On Tuesday, lawyers for the San Diego County Water Authority will argue in San Francisco Superior Court for overturning illegal rates charged by the Los Angeles-based Metropolitan Water District of Southern California, commencing a five-day trial that has financial implications for water ratepayers across the region and state.
In opening statements before Judge Curtis E.A. Karnow, the Water Authority’s attorneys will argue that MWD’s rates don’t align with the costs of the services it provides. Numerous California statutes, the California Constitution and common law all require that public agencies such as MWD set their rates based on the actual costs of the services they provide.
“This case is fundamentally about whether MWD is above the laws that apply to public agencies – laws that are designed to protect ratepayers from having to pay rates higher than what it actually costs the water utility to provide services to them,” said Daniel Purcell, special counsel for the Water Authority with the law firm of Keker & Van Nest in San Francisco. “All water ratepayers in Southern California have an interest in assuring that MWD charges no more than the costs it incurs to provide its services, as mandated under a number of laws and constitutional provisions, including Proposition 26, approved by voters statewide in 2010.”

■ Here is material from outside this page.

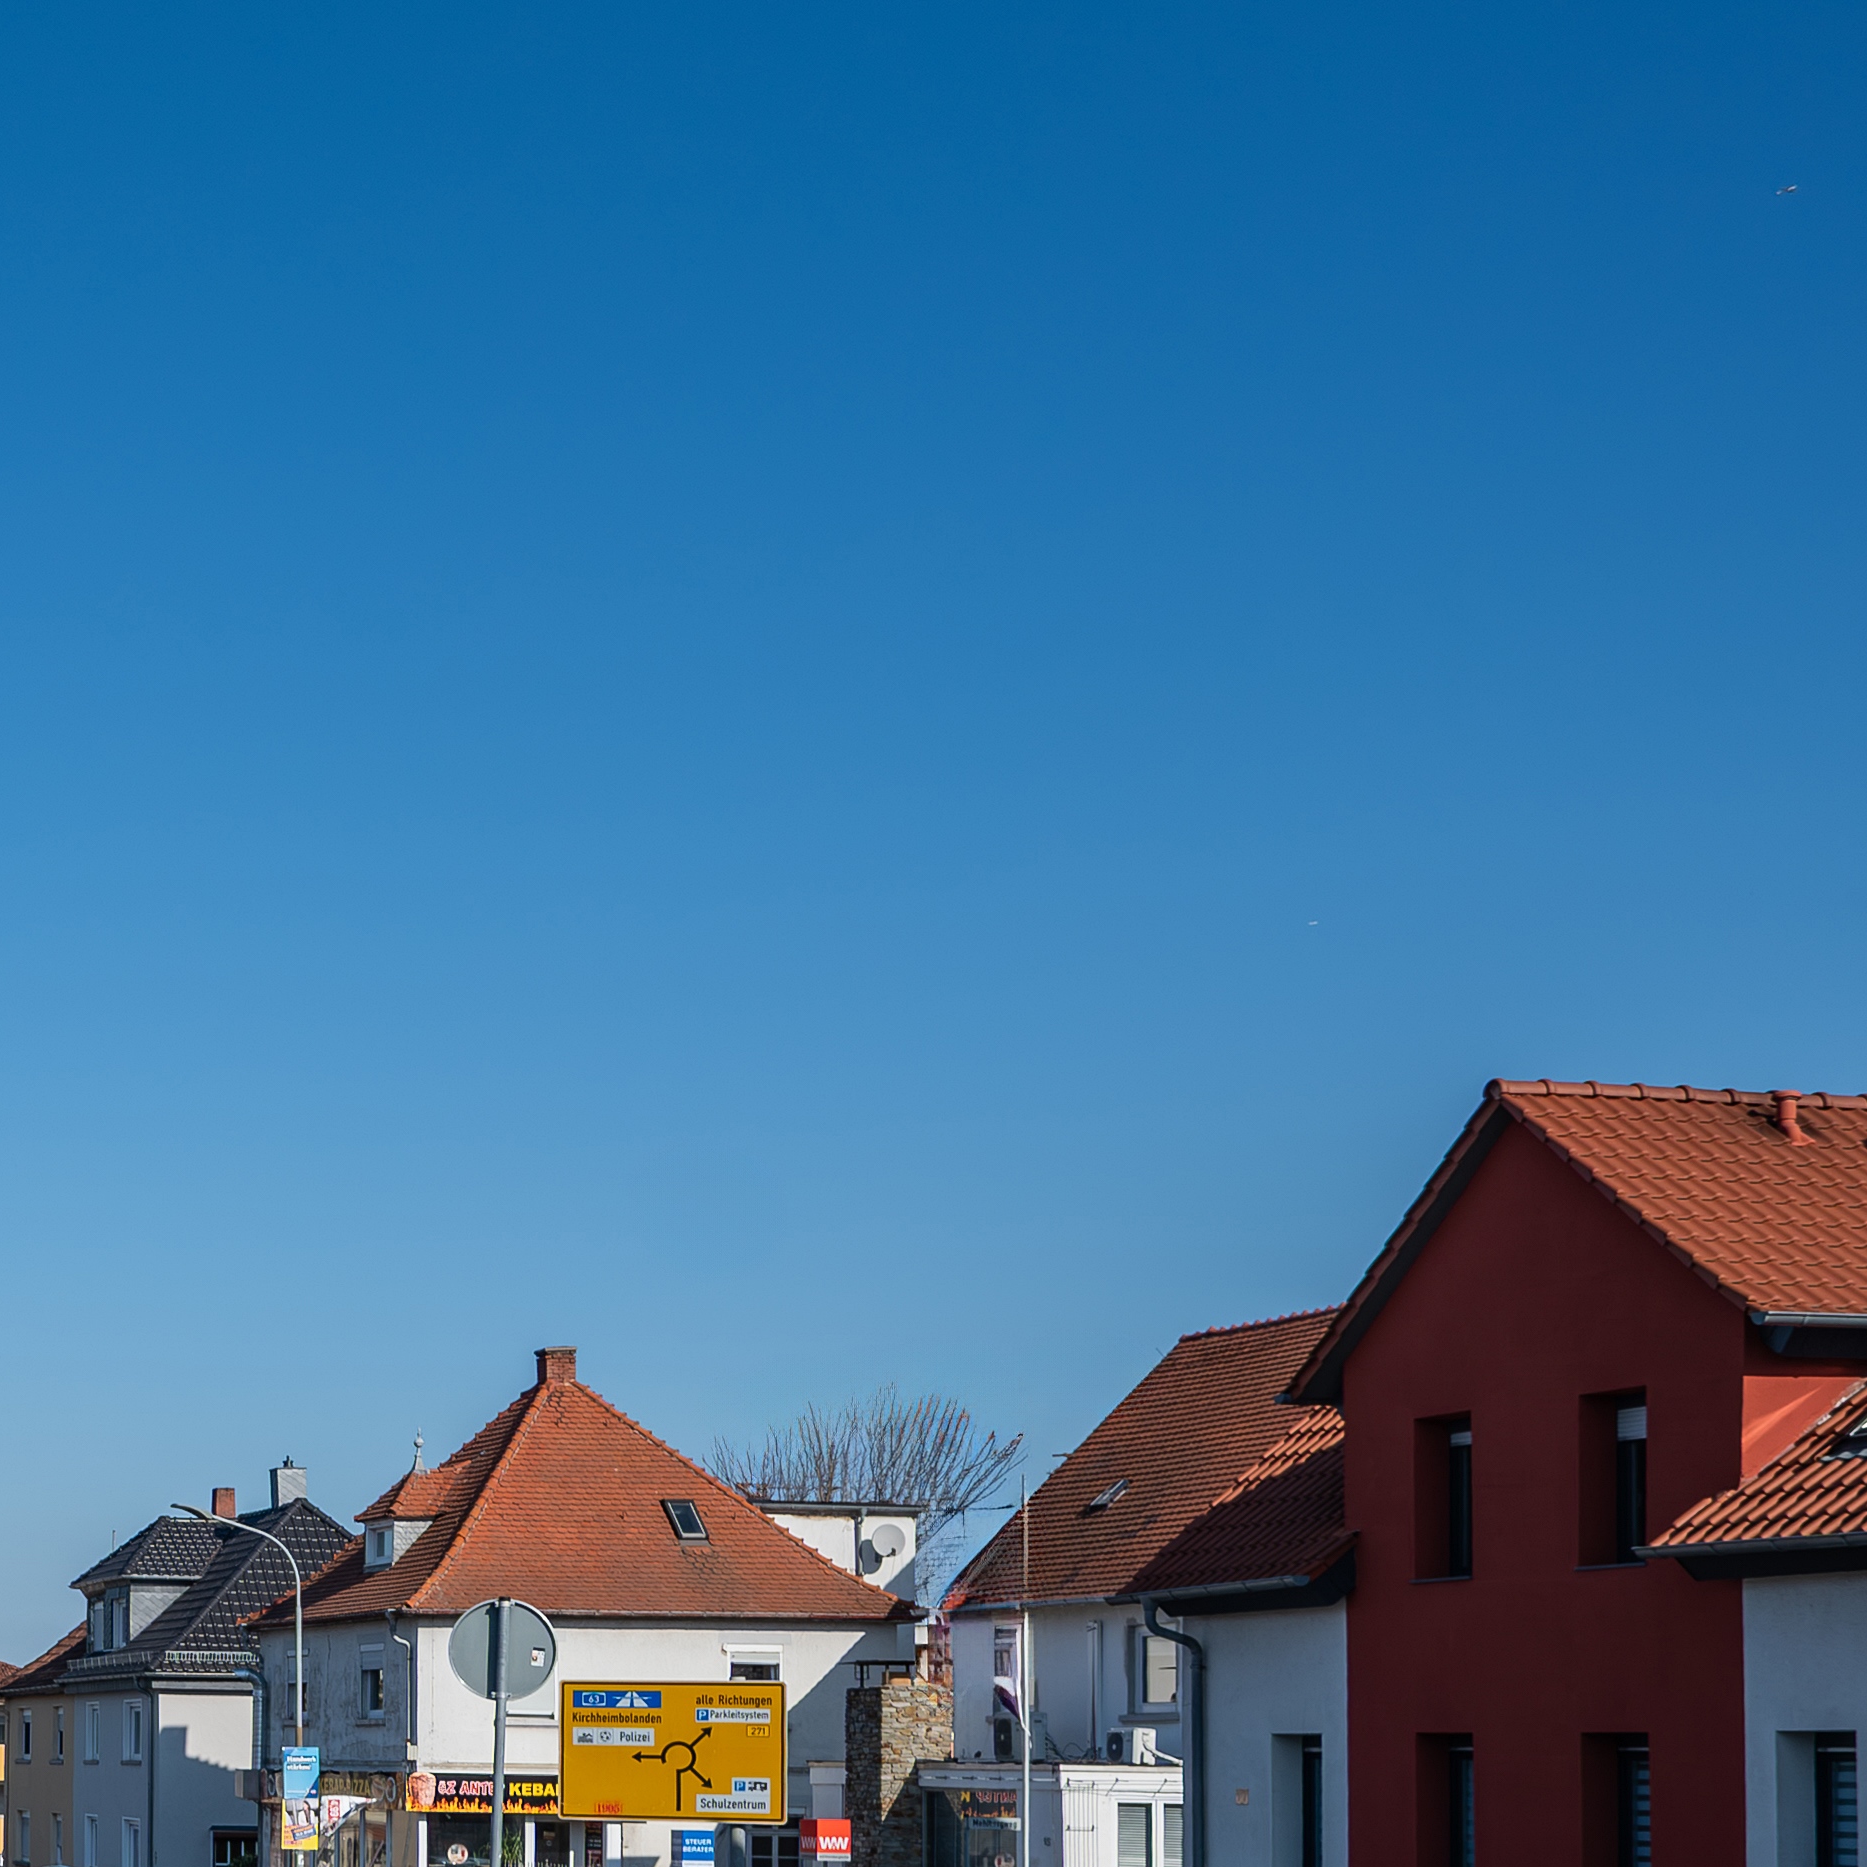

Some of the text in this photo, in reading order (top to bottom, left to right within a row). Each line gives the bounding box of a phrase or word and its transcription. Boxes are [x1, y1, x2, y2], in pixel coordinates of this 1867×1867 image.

The first phase of the trial is expected to run through Dec. 23. It will focus on the challenges to MWD’s rates for 2011 through 2014 in two cases that have been coordinated for trial. A second, yet-to-be-scheduled phase of the trial would address the Water Authority’s claim that MWD miscalculates San Diego’s preferential rights to MWD water, and the Water Authority’s claim that MWD breached the contract it signed with the Water Authority promising to charge only lawful rates for the transportation of its Colorado River water.

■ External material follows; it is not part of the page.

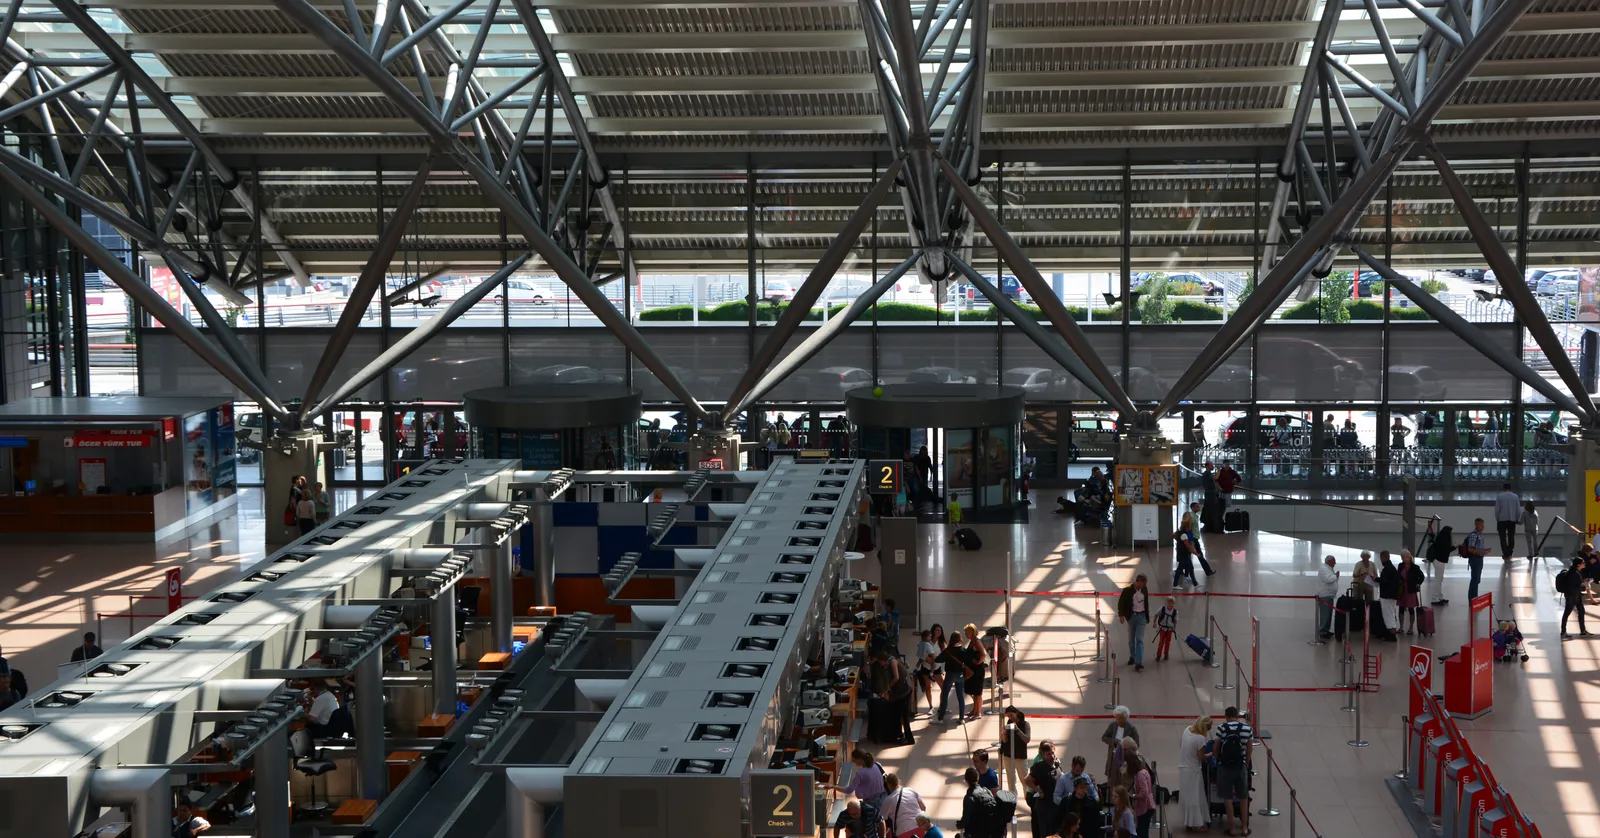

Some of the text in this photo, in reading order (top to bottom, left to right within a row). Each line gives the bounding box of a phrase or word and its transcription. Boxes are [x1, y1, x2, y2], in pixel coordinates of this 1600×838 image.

[79, 439, 101, 447] ÖGER
[103, 439, 124, 447] TÜRK
[881, 466, 892, 484] 2
[772, 784, 793, 816] 2

The trial’s outcome will have a major impact on San Diego County residents and businesses alike, which prompted dozens of public agencies, business groups and community organizations to formally support the Water Authority’s litigation against MWD.

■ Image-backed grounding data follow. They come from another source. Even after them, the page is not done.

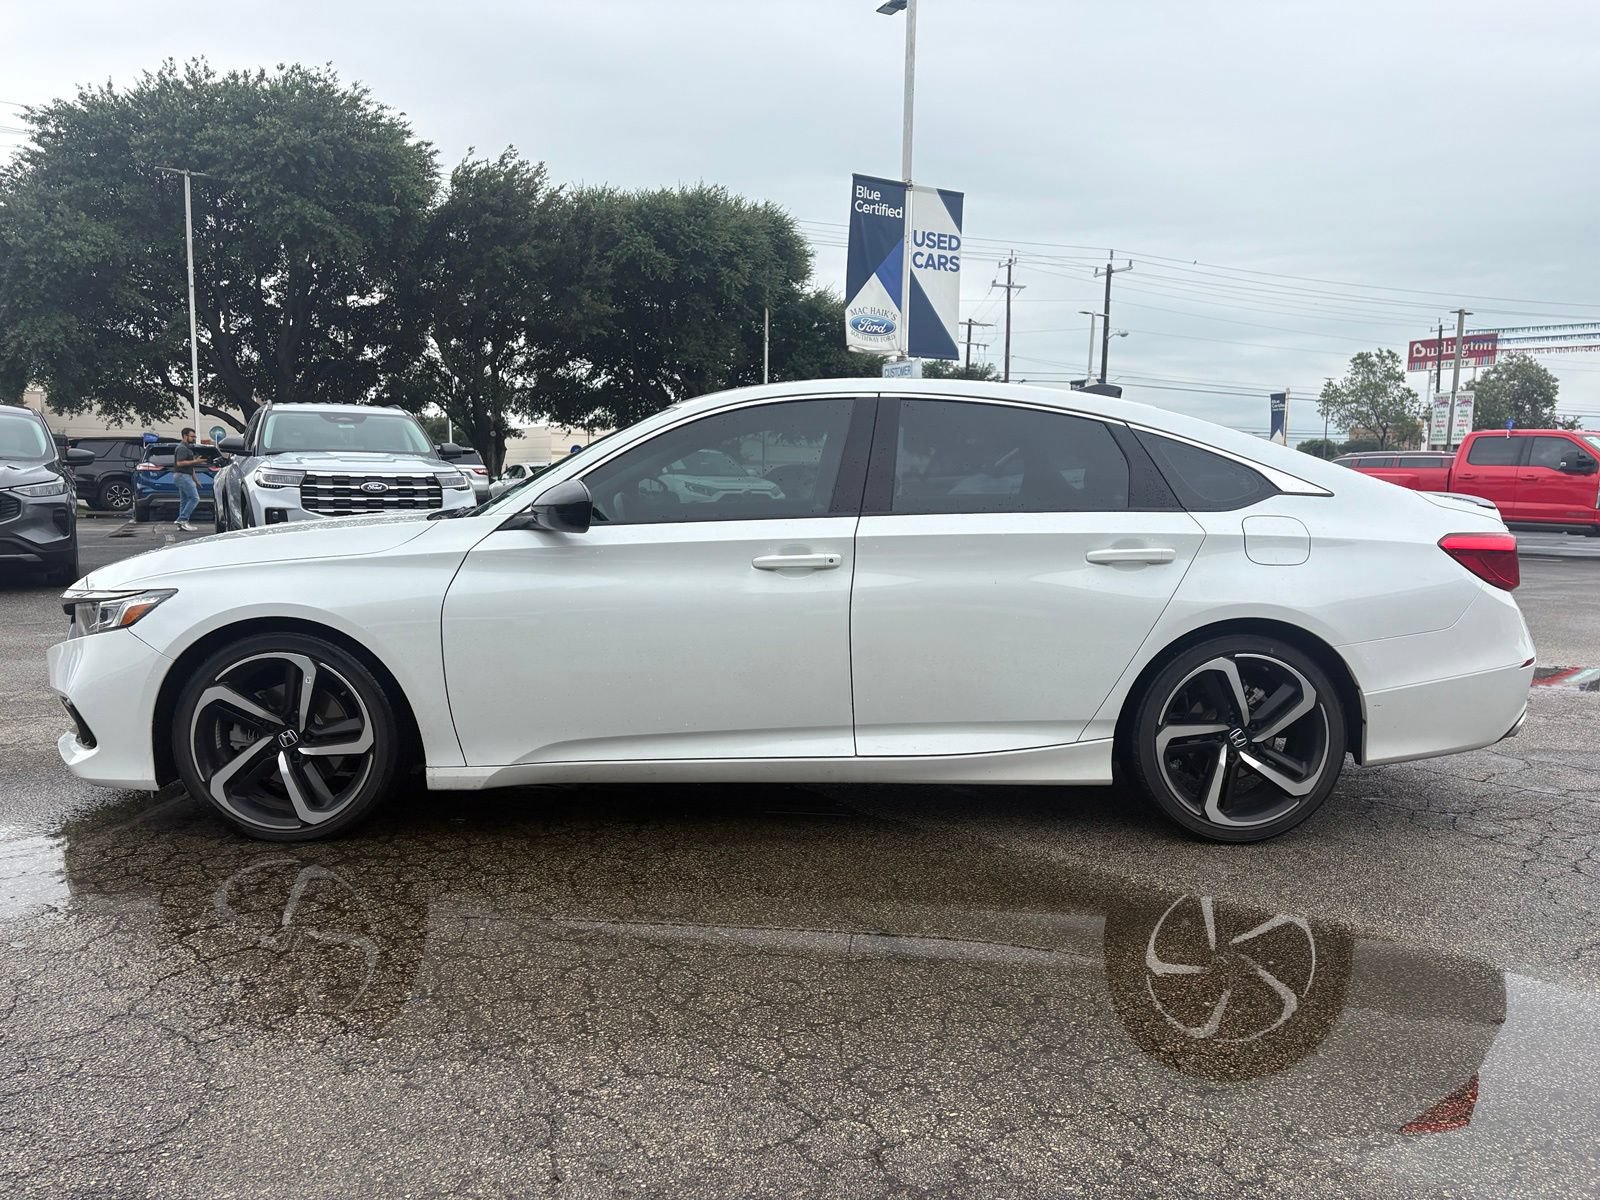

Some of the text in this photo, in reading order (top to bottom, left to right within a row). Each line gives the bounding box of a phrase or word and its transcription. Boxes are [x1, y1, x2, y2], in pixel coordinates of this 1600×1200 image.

[856, 185, 881, 200] Blue
[855, 200, 903, 218] Certified
[913, 230, 961, 252] USED
[912, 252, 960, 273] CARS
[850, 306, 898, 321] MAC HAIK'S
[858, 318, 887, 333] Ford
[1413, 341, 1492, 357] Buligton
[1432, 361, 1454, 369] Prty

Under MWD’s current rates, the region’s ratepayers will be overcharged this year by $57 million – overcharges that could grow to more than $217 million annually by 2021 and ultimately exceed a combined $2 billion. MWD’s flawed rates create overcharges for San Diego County for the transportation of water and corresponding undercharges for the water MWD sells to its member agencies.
“If the court orders MWD to re-do how it allocates its costs, it will be because they were wrong in the first place,” said Purcell. “In the long run, having MWD allocate its costs accurately, lawfully and fairly is good for everyone in Southern California. Nobody wants to be stuck paying bills for services provided to someone else.”
The Water Authority first sued MWD in June 2010 for adopting illegal rates that are not based on the costs of providing the services for which they are collected. The Water Authority filed another lawsuit in June 2012 because the 2010 case had not been resolved and MWD had adopted rates for 2013 and 2014 based on its same flawed allocation.
In both lawsuits, the Water Authority asserts that MWD illegally assigns unrelated water supply costs – including its costs of obtaining water from the state of California and its costs of subsidizing local water supply projects – to MWD’s water transportation rates. Among other things, the lawsuits also allege that MWD’s rates discriminate against the Water Authority by artificially inflating the price MWD charges for transporting the Water Authority’s independent Colorado River water supplies through MWD’s pipelines.
MWD argues it can set its rates without regard to the actual costs of service – and that it can even collect more than the costs of the services it provides, as long as a majority of its board votes for it. MWD has admitted that it has no idea whether it is under- or over-collecting on any of its rates by tens of millions of dollars annually.
MWD also argues that it is exempt from Proposition 26, a voter-approved initiative in November 2010 that amended the California Constitution. Proposition 26 shifted the burden to public agencies to prove their rates are based on the actual cost of the services they provide. In September 2013, Judge Karnow rejected MWD’s attempt to legally exempt its rates for 2013 and 2014 without trial by ruling that he will decide the issue based on the facts presented at trial. Judge Karnow ruled earlier this year that Proposition 26 is not retroactive, and therefore does not apply to the rates MWD adopted in April 2010 for 2011 and 2012.
The litigation stems from historic agreements the Water Authority signed a decade ago to secure independent sources of water from the Colorado River and reduce its once near-total reliance on MWD for water. To transport these Colorado River water supplies to San Diego County, the Water Authority must use pipelines controlled by MWD, which has a monopoly on imported water distribution facilities in Southern California. The Water Authority is the only MWD member agency that uses the pipelines MWD controls to transport a large volume of third-party water supplies each year. MWD’s current rates were designed to protect MWD’s monopoly and to purposefully discriminate against the Water Authority by shifting water supply costs to transportation rates.